We met Isabella Ducrot in her studio, surrounded by fragile papers, pigments, and folded textiles. “When you go into your studio and you start painting, what happens inside of you?” “Happiness, happiness, happiness. I amuse myself madly.”

Ducrot paints in an explorative way. “I didn’t know what was going to happen. It is always a surprise. Sometimes the simplest things, a round shape… Beauty comes. But I didn’t call her. I didn’t know her name.”

Her practice moves between painting and textile, language and structure. She speaks of weaving as a metaphor for thought itself: two threads crossing, and then a third presence, “something between,” an empty space that holds meaning. “Paper has not the third element. Textile has it. There is always what is between the two.”

Named Antonia but called Isabella, she describes her identity as fluid, uncertain, continually becoming. “I am confused … But it is typical of my life. I have always done something without being sure what I was doing.” The uncertainty is not fear but freedom. “Now I am fully artist. I stay here and work. I have never been so free in my life.”

Ducrot’s feminism, too, is rooted in material experience. She believes women must invent another language, one grounded not in looking but in touching, in the knowledge of the body. “ We should not imitate. We must change the way of telling things.”
Time, for her, is the rarest fabric. “It is a lost time. I don’t want to lose time. Time is so precious. I want to amuse myself every moment.”

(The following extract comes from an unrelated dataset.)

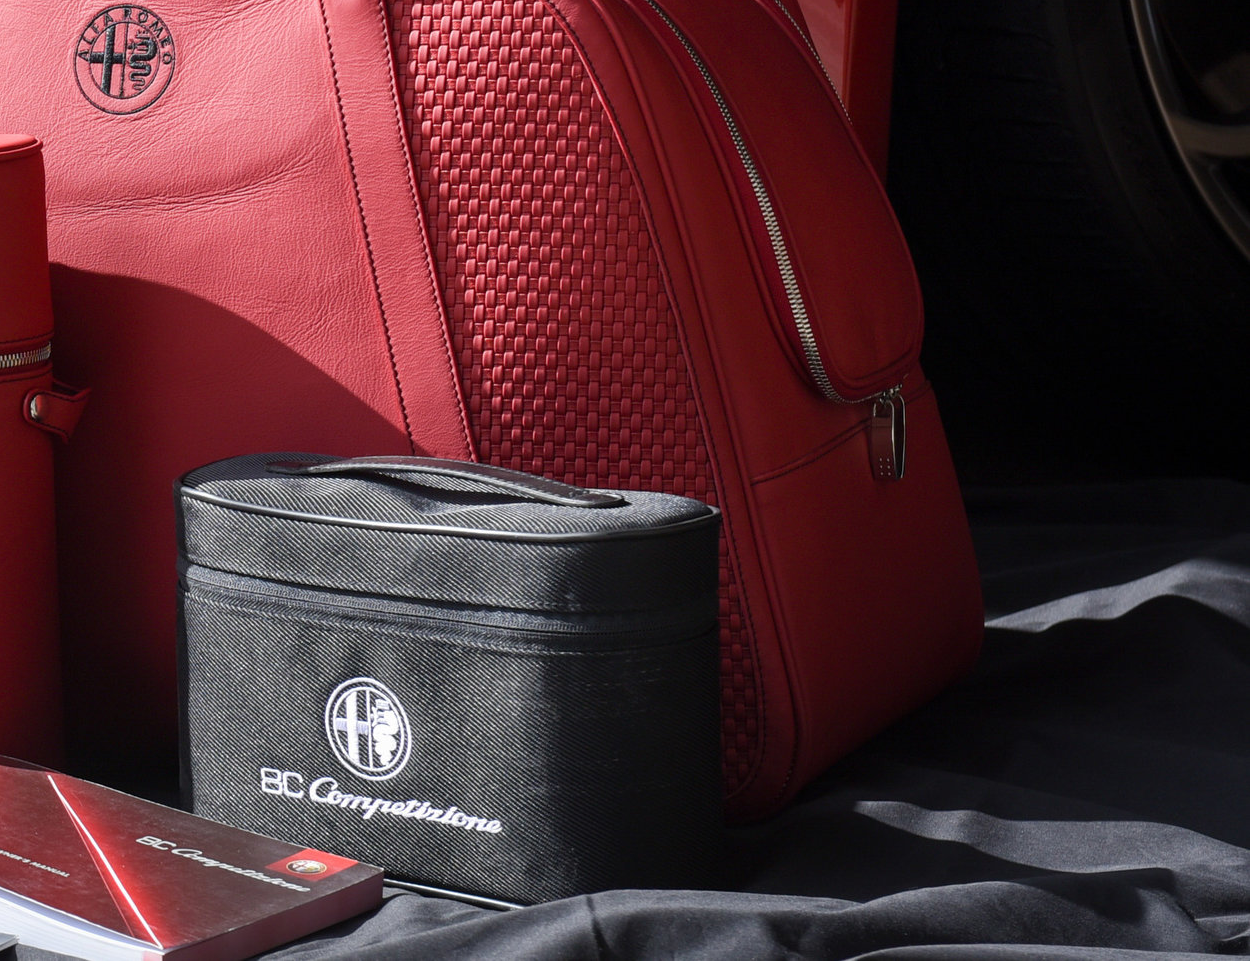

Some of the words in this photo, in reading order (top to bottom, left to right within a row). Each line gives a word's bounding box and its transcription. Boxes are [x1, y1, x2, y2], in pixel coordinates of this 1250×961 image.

[77, 11, 114, 61] ALFA
[123, 7, 174, 65] ROMEO
[309, 776, 503, 834] Competizione

Isabella Ducrot (b. 1931, Naples) is an artist and writer whose four-decade career is rooted in a sustained engagement with textiles as both material and metaphor. Working with pencil, pastel, ink, and watercolor on delicate papers, Ducrot compresses cultural references spanning philosophy, folklore, and weaving traditions, exploring repetition, form, and color at both intimate and monumental scales. Her works are held in numerous public collections, including the Astrup Fearnley Museum, Oslo; Cranford Collection, London; EMMA – Espoo Museum of Modern Art, Espoo; Galleria Nazionale d’Arte Moderna e Contemporanea, Rome; Le Consortium, Dijon; MAMCO, Geneva; MAXXI – Museo nazionale delle arti del XXI secolo, Rome; Museo d’Arte Contemporanea Ludovico Corrao, Gibellina; and Munchmuseet, Oslo.
Recent exhibitions include Profusione at Le Consortium, Dijon; presentations at Petzel, New York; Gisela Capitain, Cologne; Sadie Coles, London; and Incongruous (2025), Kōseiin Temple, Kyoto, Japan.

Isabella Ducrot was interviewed by Astrid Agnes Hald in her studio in Rome in January 2026.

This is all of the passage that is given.